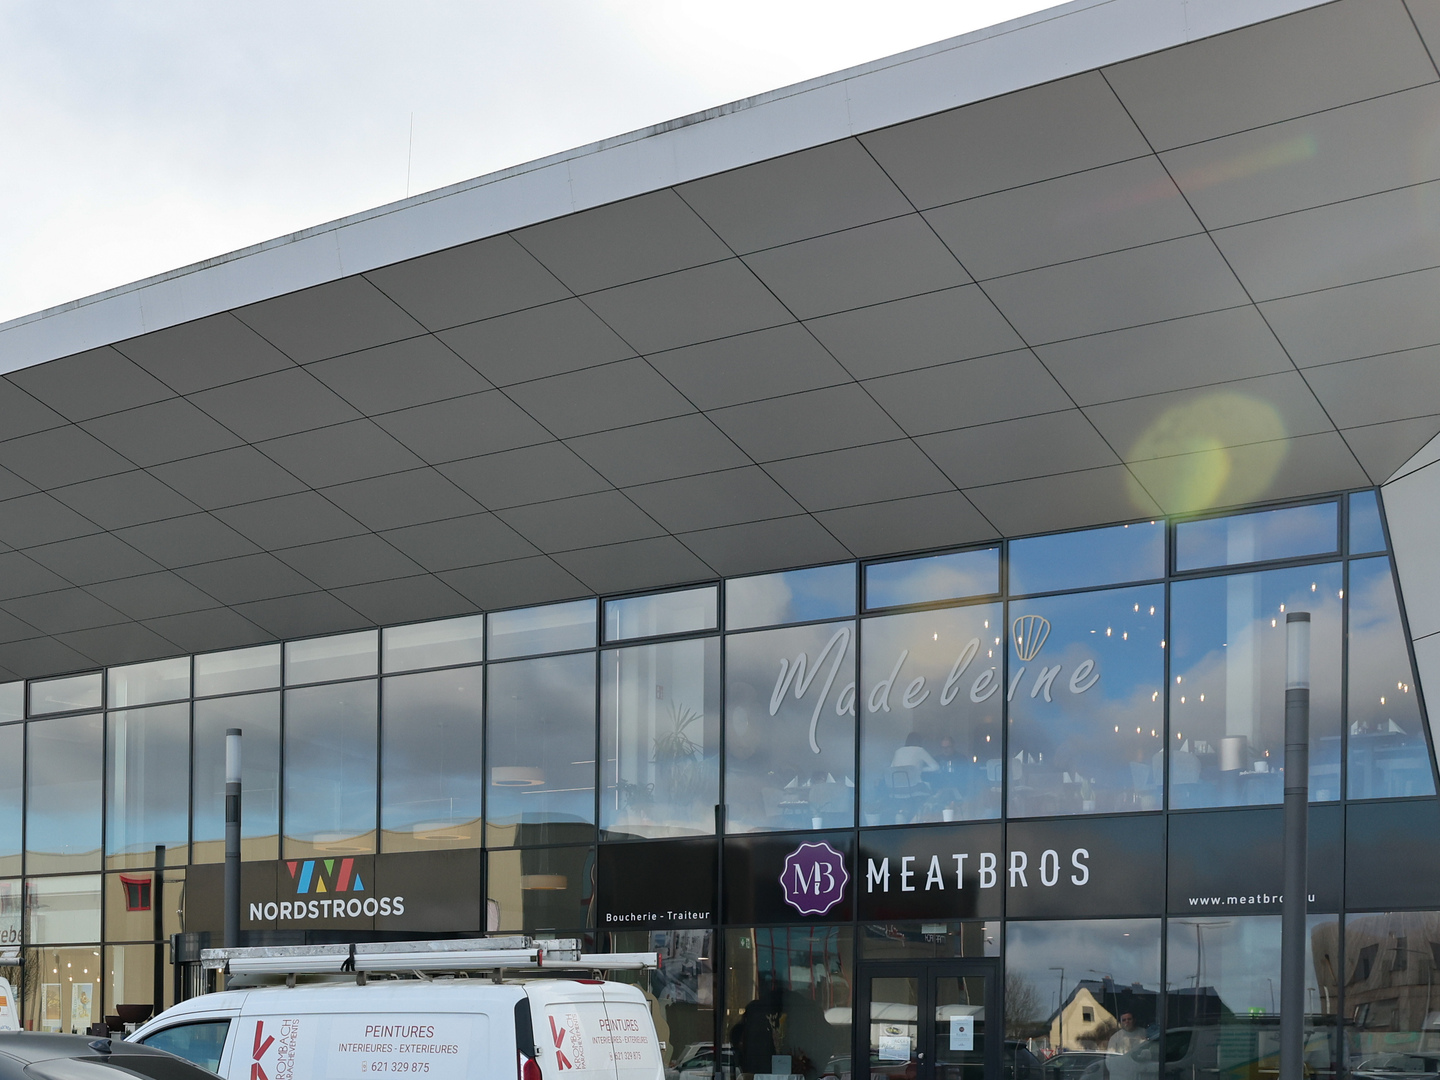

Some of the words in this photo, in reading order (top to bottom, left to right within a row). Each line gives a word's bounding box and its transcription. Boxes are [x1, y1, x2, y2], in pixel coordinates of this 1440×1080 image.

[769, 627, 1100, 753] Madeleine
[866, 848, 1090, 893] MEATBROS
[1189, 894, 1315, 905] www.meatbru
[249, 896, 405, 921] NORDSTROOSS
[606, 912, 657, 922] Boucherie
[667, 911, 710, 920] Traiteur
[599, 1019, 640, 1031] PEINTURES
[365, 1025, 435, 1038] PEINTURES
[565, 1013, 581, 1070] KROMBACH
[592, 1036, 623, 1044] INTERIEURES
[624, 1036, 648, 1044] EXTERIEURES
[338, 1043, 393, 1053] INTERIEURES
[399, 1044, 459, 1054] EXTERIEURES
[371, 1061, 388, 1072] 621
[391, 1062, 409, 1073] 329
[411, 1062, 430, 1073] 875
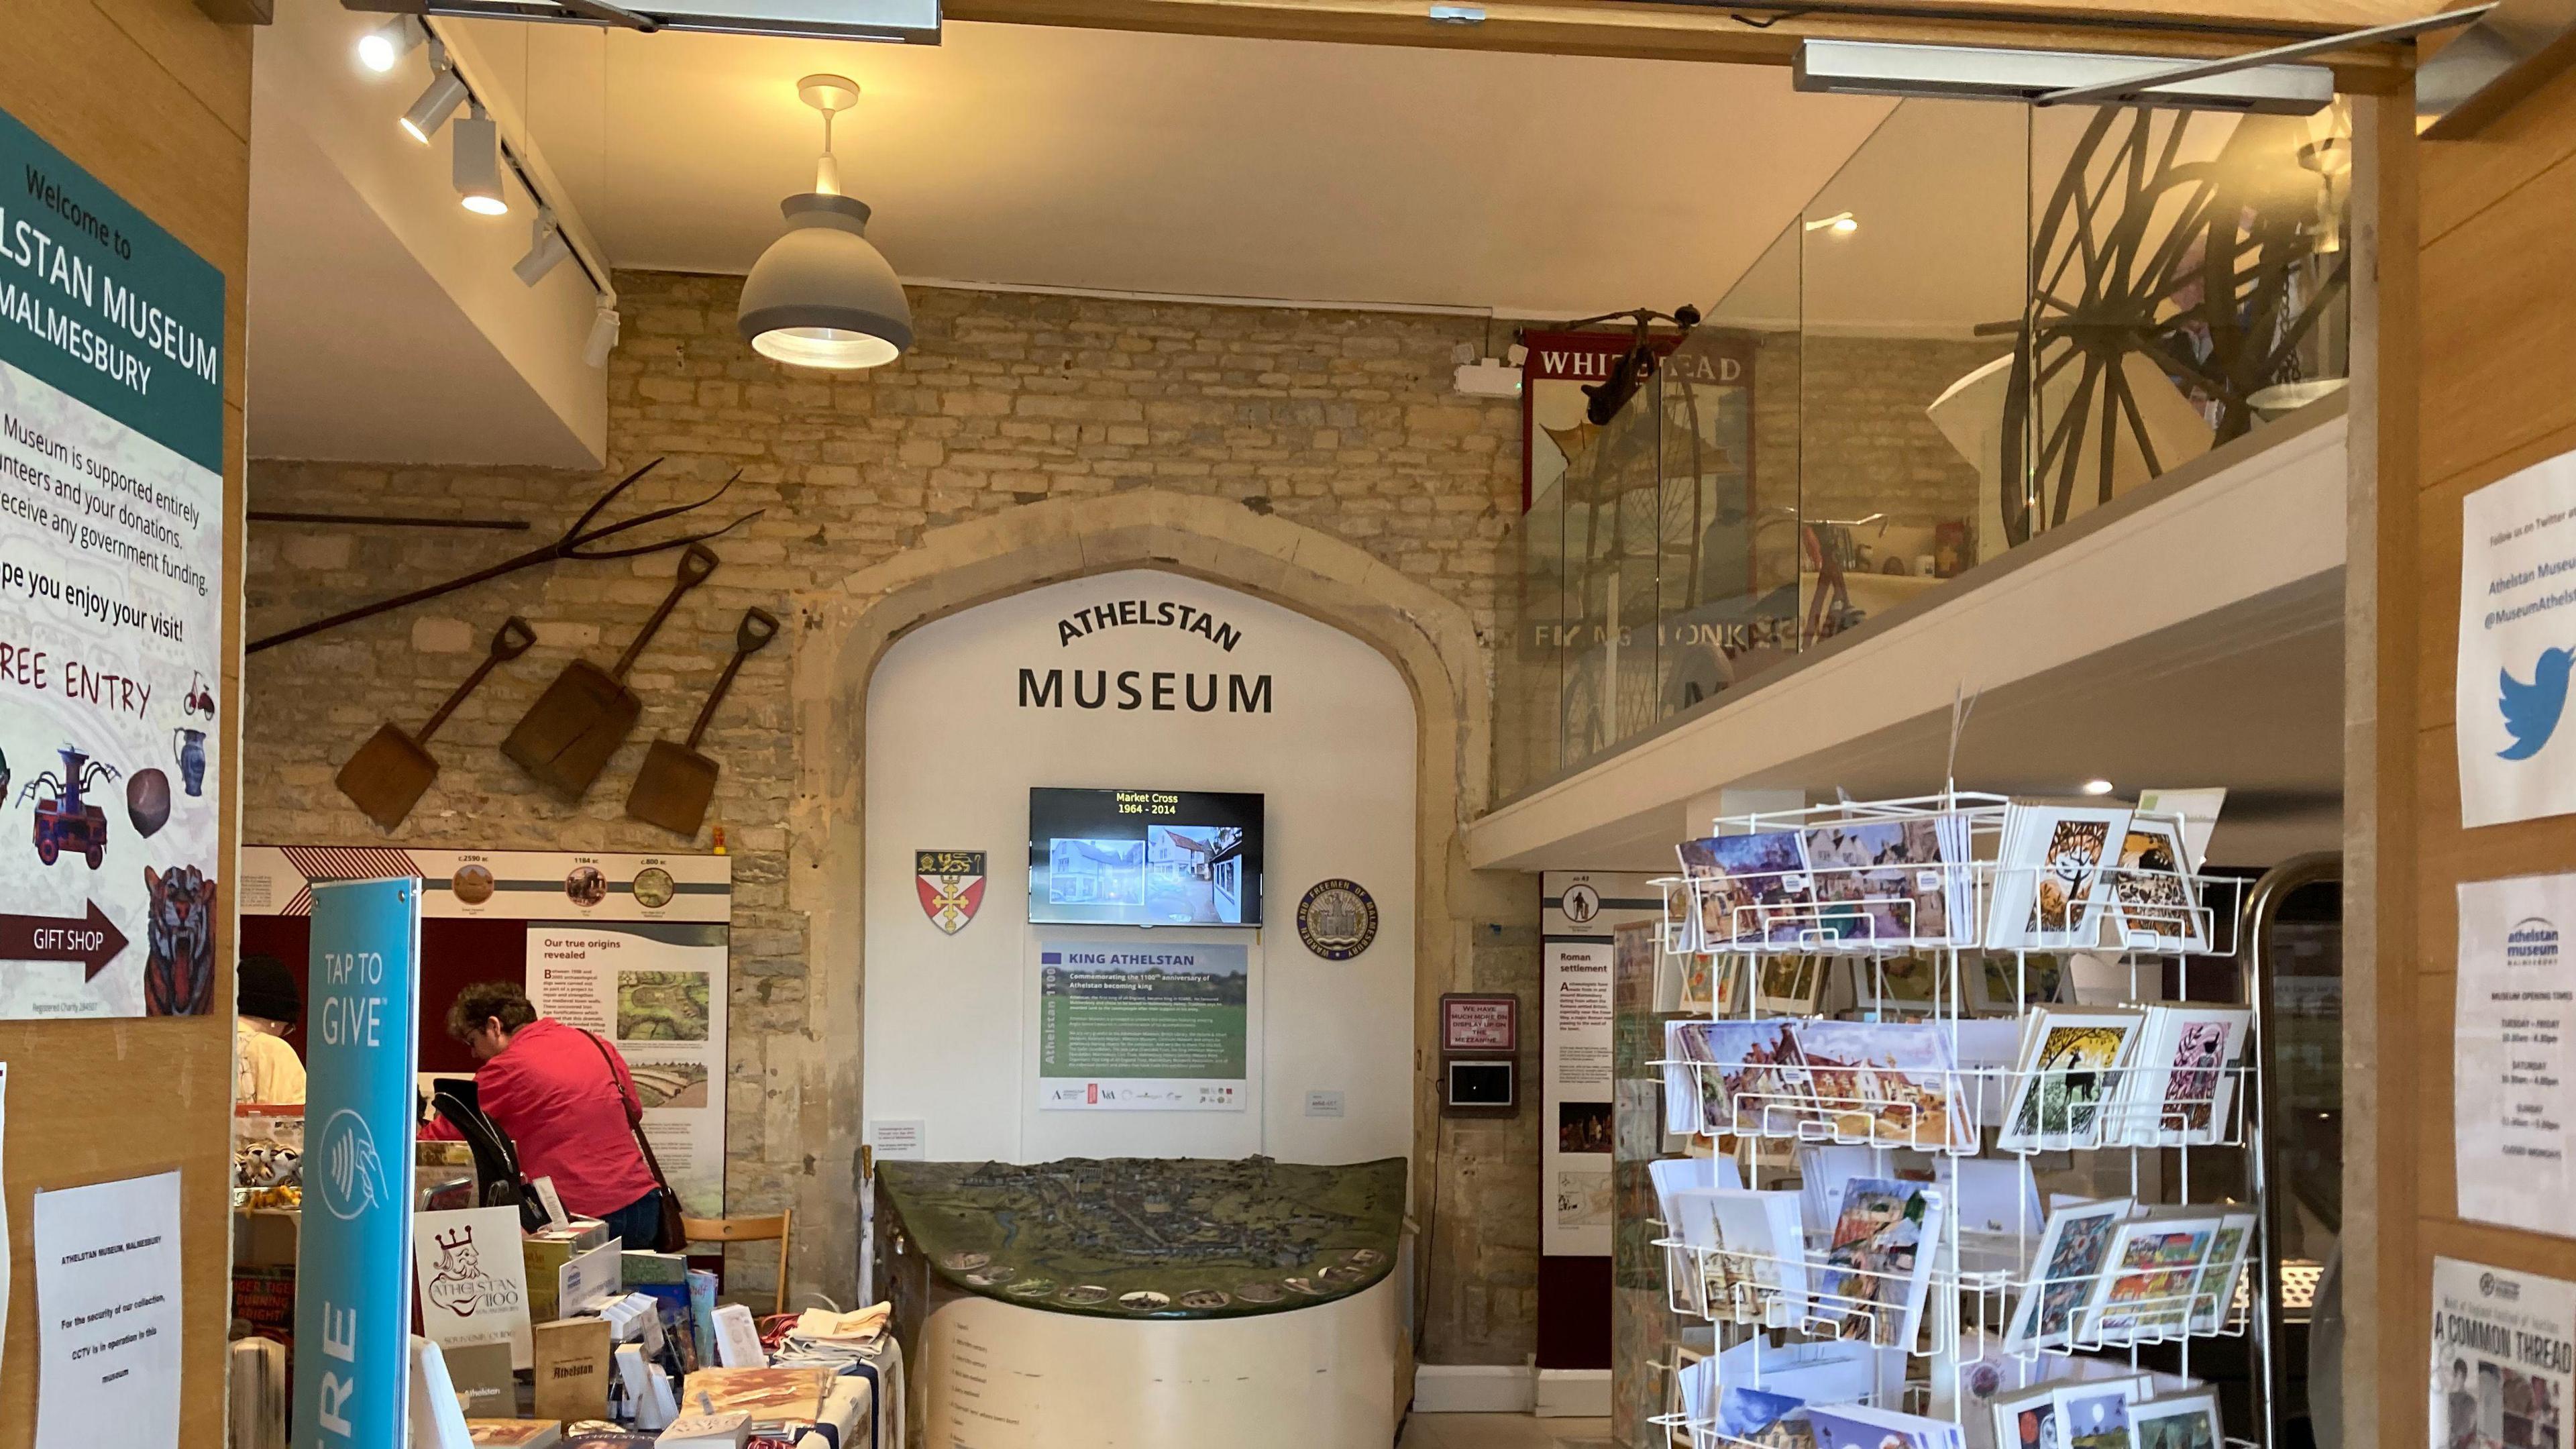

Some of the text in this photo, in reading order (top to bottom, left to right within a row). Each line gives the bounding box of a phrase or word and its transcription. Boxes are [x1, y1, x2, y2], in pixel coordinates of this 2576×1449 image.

Task goal -
Could you retype all the entries exactly, skipping the pictures?

Expected output -
Some of the words in this photo, in reading order (top to bottom, left to right within a row). Each line gives a word's bounding box and its transcription. Boxes are [x1, y1, x2, y2], in pixel coordinates of this 1440×1080 image.

[769, 627, 1100, 753] Madeleine
[866, 848, 1090, 893] MEATBROS
[1189, 894, 1315, 905] www.meatbru
[249, 896, 405, 921] NORDSTROOSS
[606, 912, 657, 922] Boucherie
[667, 911, 710, 920] Traiteur
[599, 1019, 640, 1031] PEINTURES
[365, 1025, 435, 1038] PEINTURES
[565, 1013, 581, 1070] KROMBACH
[592, 1036, 623, 1044] INTERIEURES
[624, 1036, 648, 1044] EXTERIEURES
[338, 1043, 393, 1053] INTERIEURES
[399, 1044, 459, 1054] EXTERIEURES
[371, 1061, 388, 1072] 621
[391, 1062, 409, 1073] 329
[411, 1062, 430, 1073] 875

Some of the text in this photo, in reading order (top to bottom, left to right within a row). Each line gives the bounding box of a phrase or word and its transcription. Boxes are [x1, y1, x2, y2], in pixel coordinates of this 2576×1449 image.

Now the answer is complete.